• [Task to complete]:
Skip the images and print the listing exactly.
[Start of section]
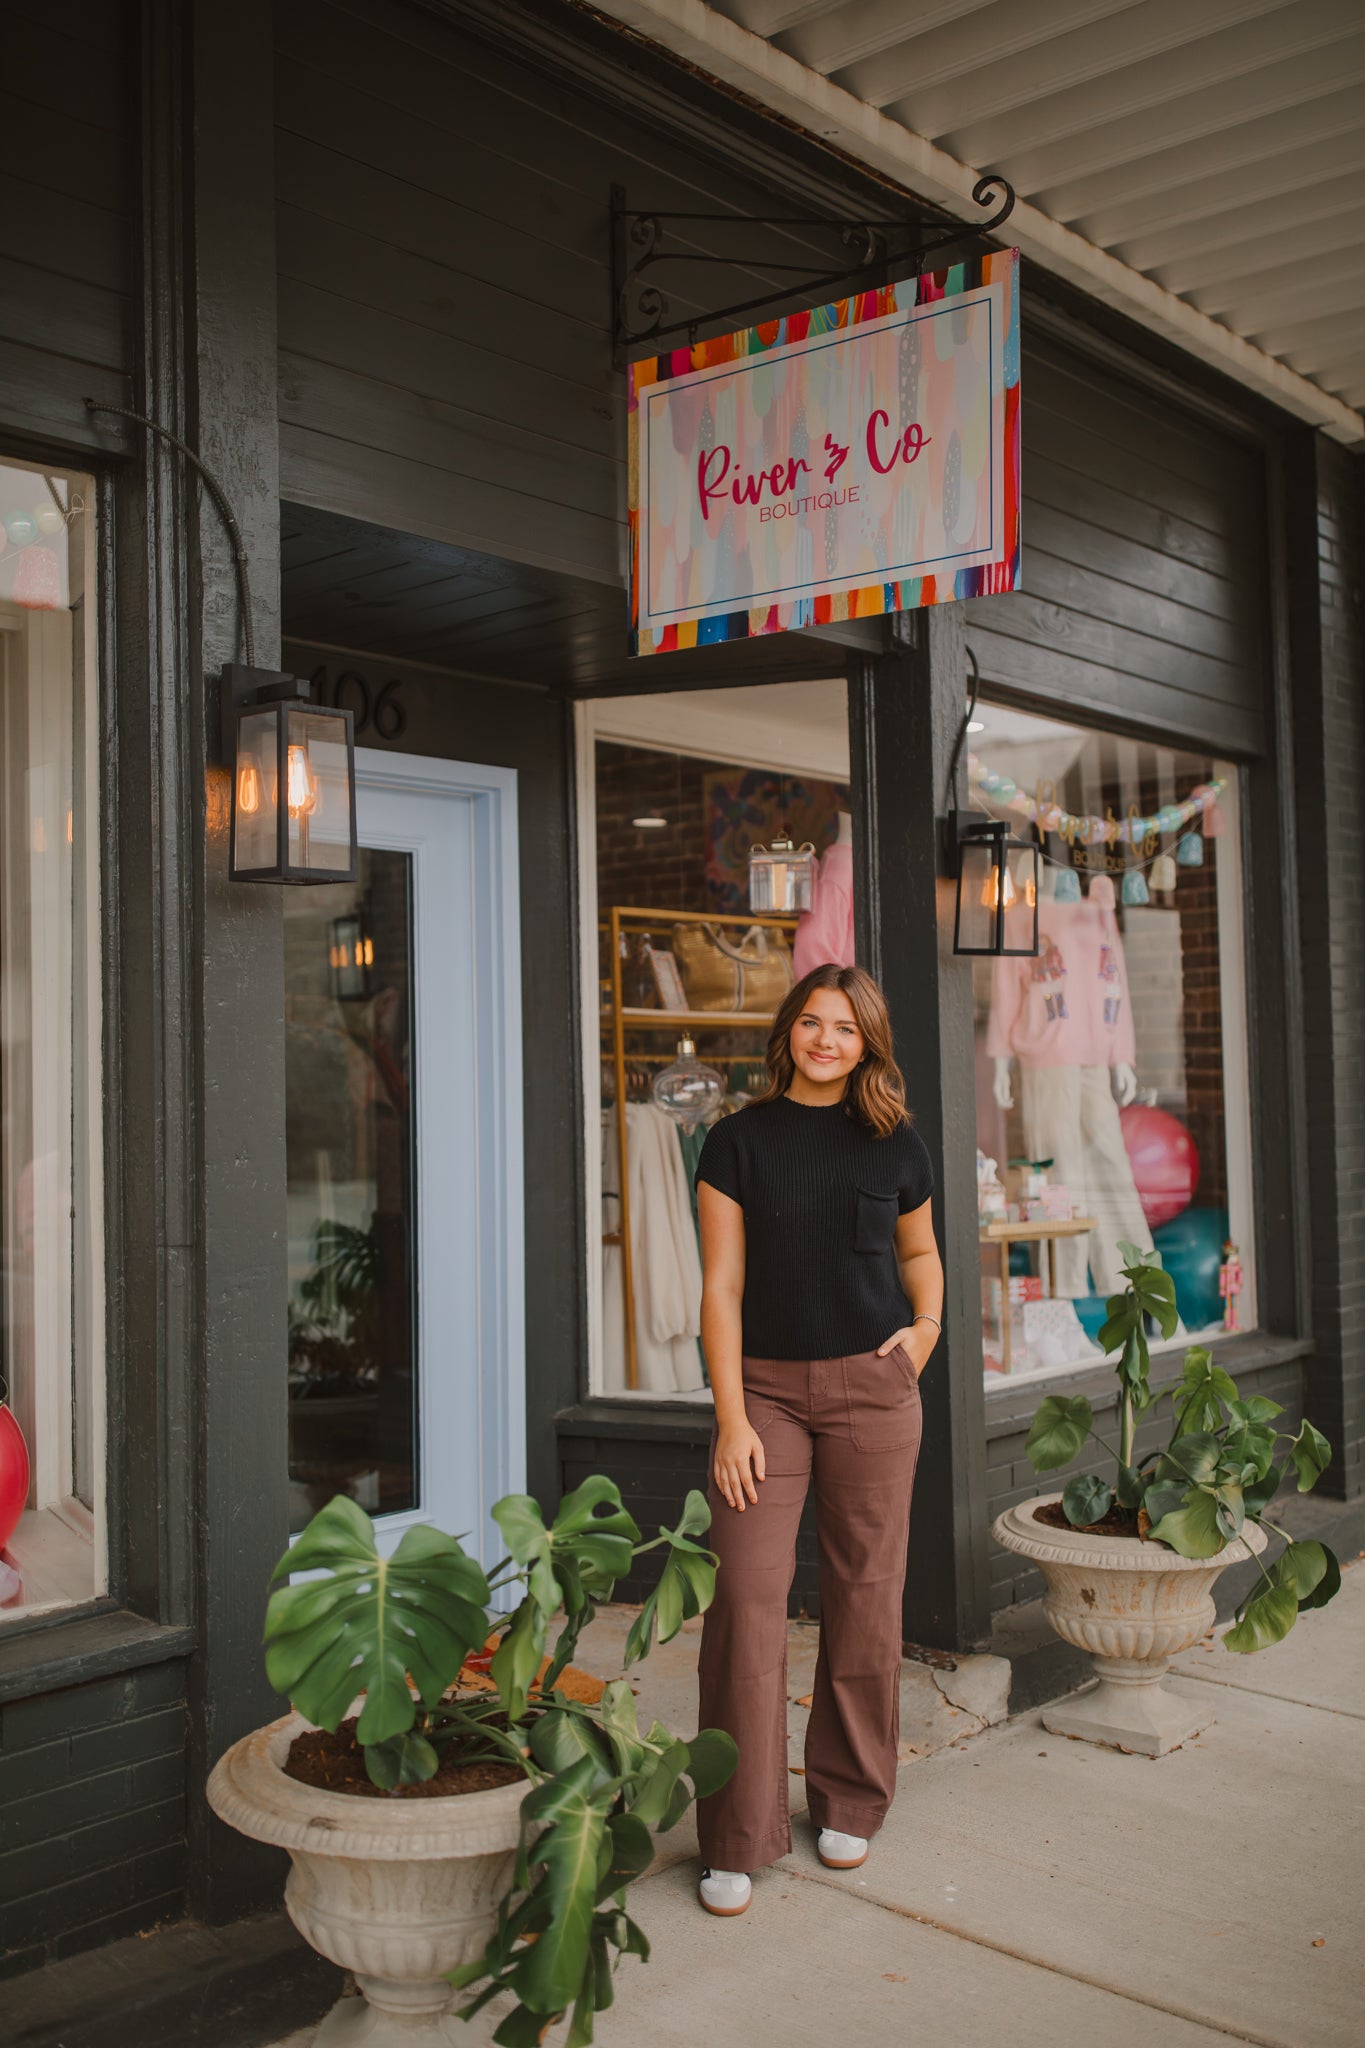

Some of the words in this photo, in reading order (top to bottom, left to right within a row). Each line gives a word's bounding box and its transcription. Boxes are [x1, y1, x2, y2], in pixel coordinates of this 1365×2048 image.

[698, 444, 813, 520] River
[823, 433, 850, 484] &
[866, 409, 932, 474] Co
[759, 485, 861, 523] BOUTIQUE
[309, 665, 408, 740] 106
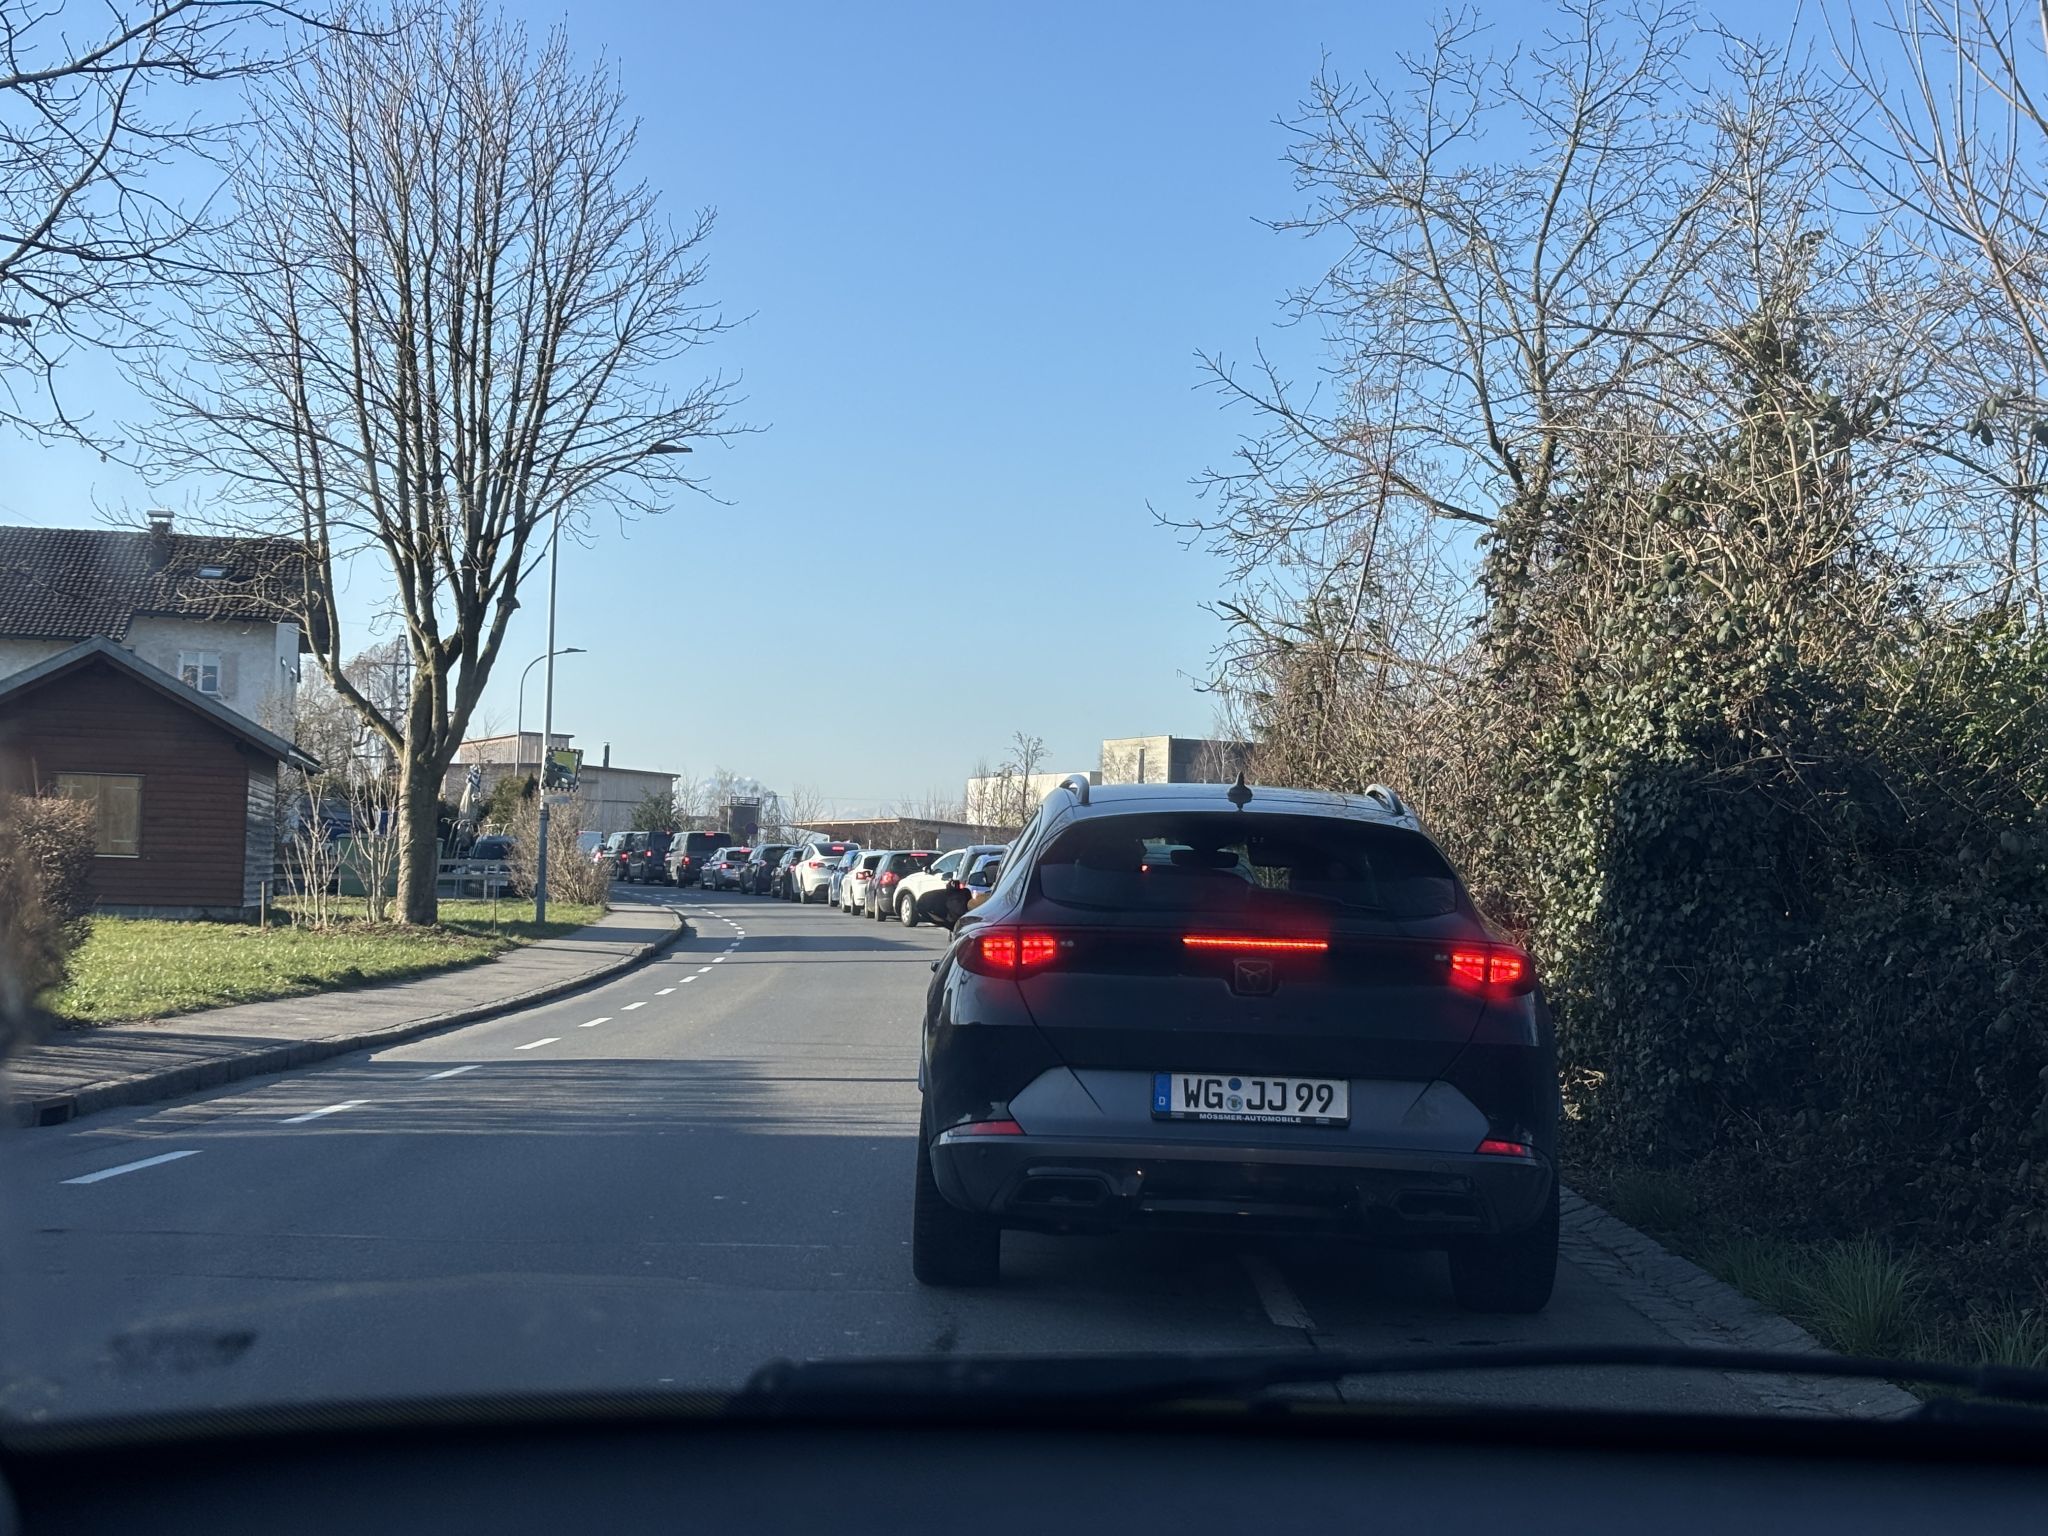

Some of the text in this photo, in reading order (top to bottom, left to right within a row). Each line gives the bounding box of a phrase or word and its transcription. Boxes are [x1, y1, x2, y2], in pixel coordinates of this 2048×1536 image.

[1159, 1096, 1166, 1105] D
[1183, 1078, 1333, 1113] WG JJ 99
[End of section]
• [Solution to this task]:
Some of the words in this photo, in reading order (top to bottom, left to right within a row). Each line gives a word's bounding box and its transcription. Boxes are [x1, y1, x2, y2], in pixel coordinates of this 1365×2048 image.

[698, 444, 813, 520] River
[823, 433, 850, 484] &
[866, 409, 932, 474] Co
[759, 485, 861, 523] BOUTIQUE
[309, 665, 408, 740] 106

Some of the text in this photo, in reading order (top to bottom, left to right within a row). Each line gives the bounding box of a phrase or word and its transcription. Boxes are [x1, y1, x2, y2], in pixel coordinates of this 2048×1536 image.

[1159, 1096, 1166, 1105] D
[1183, 1078, 1333, 1113] WG JJ 99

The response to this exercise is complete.